Sie waren in der Hafengegend. Schwarze, verrußte Gebäude ragten in den düsteren Himmel. Gassen mit Kopfsteinpflaster führten zu Eisenbahnunterführungen, an finsteren Speichern vorbei und endeten auf mit Unrat übersätem Ödland, das Hitlers Bomben vor dreißig Jahren geschaffen hatte. Mr. Goldsmith stolperte über Erdwälle, auf denen schütteres, trockenes Gras stand. Er stürzte sogar einmal in eine Vertiefung, wurde aber sofort herausgezogen, da das Wesen schwerfällig und unwiderstehlich wie ein Panzer weiterlief...
DER HOLSTEIN-HORROR von R. Chetwynd-Hayes (geboren am 20. Mai 1919 in Isleworth, Middlesex; gestorben am 20. März 2001 in Teddington, London) wurde in Deutschland erstmals im Jahr 1977 als VAMPIR-HORROR-TASCHENBUCH Nr. 50 (unter dem Titel HORROR-ZEIT) veröffentlicht.
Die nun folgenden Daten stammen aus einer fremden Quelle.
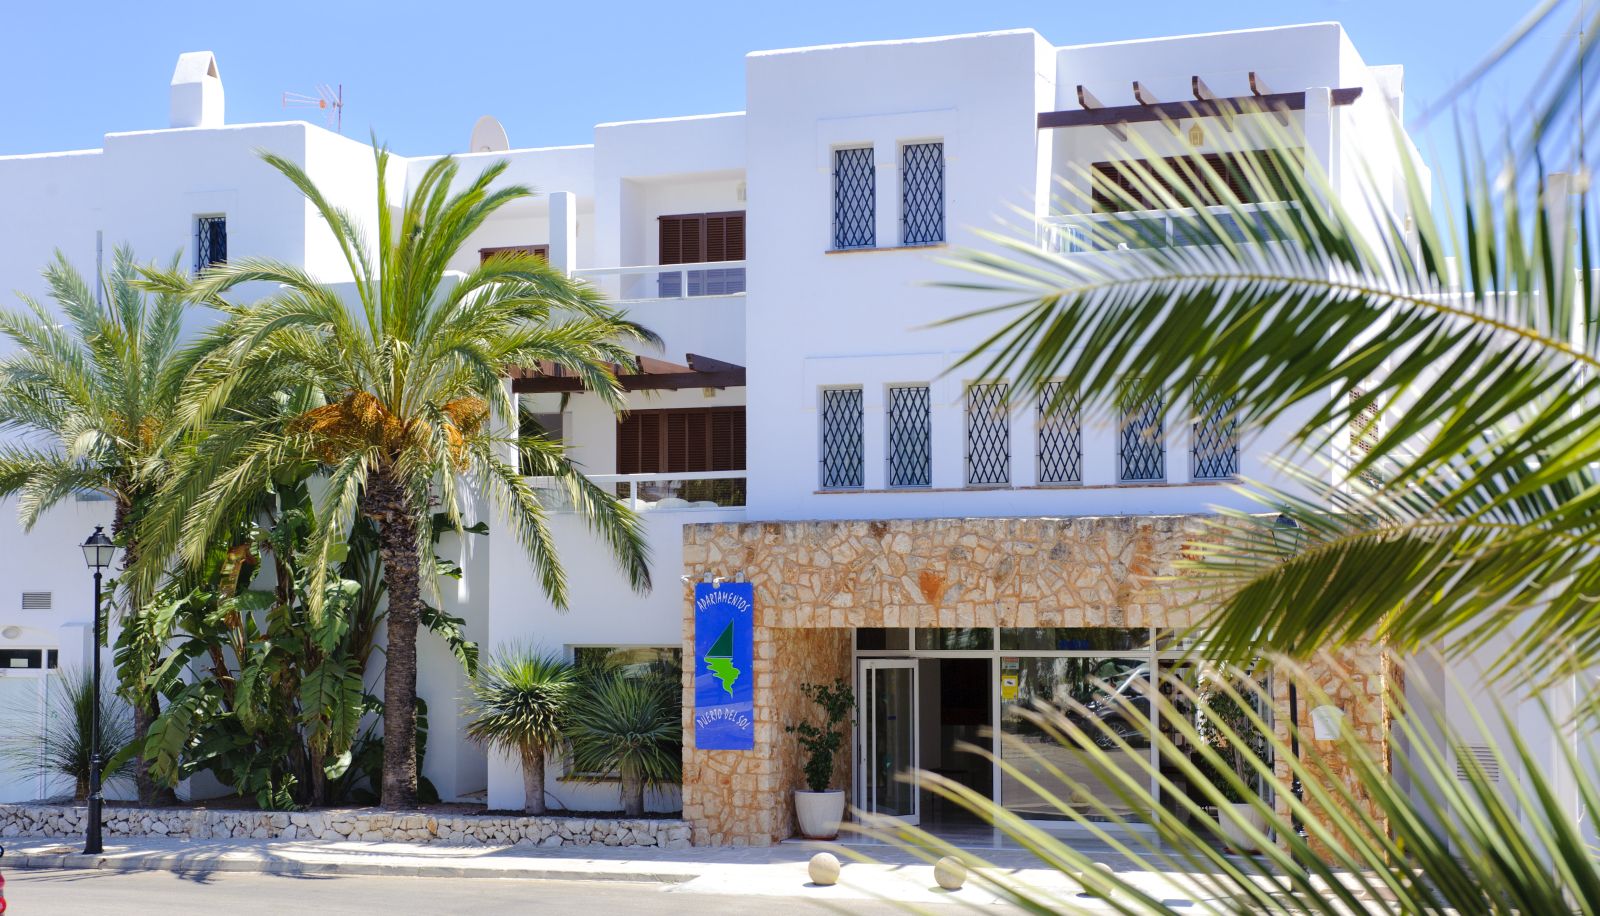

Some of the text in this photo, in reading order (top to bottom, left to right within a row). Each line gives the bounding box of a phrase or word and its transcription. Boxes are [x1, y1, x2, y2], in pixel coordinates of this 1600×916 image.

[696, 590, 751, 612] APARTAMENTOS
[696, 707, 751, 730] PUERTO DEL SOL
DER HOLSTEIN-HORROR erscheint als durchgesehene Neuausgabe in der Horror-Reihe 13 SHADOWS aus dem Apex-Verlag, die ganz in der Tradition legendärer Heftroman-Reihen wie GESPENSTERKRIMI und VAMPIR-HORROR-ROMAN steht.
DIE GHULE (The Ghouls)
Die Türklingel läutete. Ein widerliches langes Schrillen, das an einen ungeduldigen Besucher oder einen schadhaften Klingelknopf denken ließ. Mr. Goldsmith empfing nicht viel Besuch. Er brummte ärgerlich, schob einen Topf mit Bohnen vom Gasbrenner, stapfte dann aus der kleinen Küche über den noch winzigeren Flur und öffnete die Eingangstür. Die Klingel läutete weiter.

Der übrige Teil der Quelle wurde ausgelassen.